What you have to do -> The answer must be an exact restatement of all the data.

Source data ->
○ ○ ○ ○ ○ ○ ○
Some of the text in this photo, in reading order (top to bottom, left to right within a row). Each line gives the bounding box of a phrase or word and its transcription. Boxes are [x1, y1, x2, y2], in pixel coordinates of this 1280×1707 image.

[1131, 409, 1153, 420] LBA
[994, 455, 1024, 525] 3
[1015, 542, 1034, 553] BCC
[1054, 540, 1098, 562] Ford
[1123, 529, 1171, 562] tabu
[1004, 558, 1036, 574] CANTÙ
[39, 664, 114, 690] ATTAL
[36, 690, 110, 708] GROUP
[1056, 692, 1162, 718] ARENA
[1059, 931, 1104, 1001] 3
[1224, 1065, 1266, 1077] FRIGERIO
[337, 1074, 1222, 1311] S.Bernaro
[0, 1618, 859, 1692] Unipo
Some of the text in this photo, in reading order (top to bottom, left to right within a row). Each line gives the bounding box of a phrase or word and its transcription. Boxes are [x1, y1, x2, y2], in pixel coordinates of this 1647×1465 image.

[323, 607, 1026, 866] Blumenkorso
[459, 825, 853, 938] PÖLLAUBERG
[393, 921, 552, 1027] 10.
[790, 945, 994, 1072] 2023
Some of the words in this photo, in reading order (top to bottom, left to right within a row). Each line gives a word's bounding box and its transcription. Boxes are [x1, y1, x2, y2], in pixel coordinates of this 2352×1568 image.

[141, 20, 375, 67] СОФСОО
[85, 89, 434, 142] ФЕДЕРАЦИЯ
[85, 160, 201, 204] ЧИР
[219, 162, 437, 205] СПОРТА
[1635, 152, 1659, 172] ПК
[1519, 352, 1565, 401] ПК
○ ○ ○ ○ ○ ○ ○
Expected answer ->
Some of the text in this photo, in reading order (top to bottom, left to right within a row). Each line gives the bounding box of a phrase or word and its transcription. Boxes are [x1, y1, x2, y2], in pixel coordinates of this 1280×1707 image.

[1131, 409, 1153, 420] LBA
[994, 455, 1024, 525] 3
[1015, 542, 1034, 553] BCC
[1054, 540, 1098, 562] Ford
[1123, 529, 1171, 562] tabu
[1004, 558, 1036, 574] CANTÙ
[39, 664, 114, 690] ATTAL
[36, 690, 110, 708] GROUP
[1056, 692, 1162, 718] ARENA
[1059, 931, 1104, 1001] 3
[1224, 1065, 1266, 1077] FRIGERIO
[337, 1074, 1222, 1311] S.Bernaro
[0, 1618, 859, 1692] Unipo
Some of the text in this photo, in reading order (top to bottom, left to right within a row). Each line gives the bounding box of a phrase or word and its transcription. Boxes are [x1, y1, x2, y2], in pixel coordinates of this 1647×1465 image.

[323, 607, 1026, 866] Blumenkorso
[459, 825, 853, 938] PÖLLAUBERG
[393, 921, 552, 1027] 10.
[790, 945, 994, 1072] 2023
Some of the words in this photo, in reading order (top to bottom, left to right within a row). Each line gives a word's bounding box and its transcription. Boxes are [x1, y1, x2, y2], in pixel coordinates of this 2352×1568 image.

[141, 20, 375, 67] СОФСОО
[85, 89, 434, 142] ФЕДЕРАЦИЯ
[85, 160, 201, 204] ЧИР
[219, 162, 437, 205] СПОРТА
[1635, 152, 1659, 172] ПК
[1519, 352, 1565, 401] ПК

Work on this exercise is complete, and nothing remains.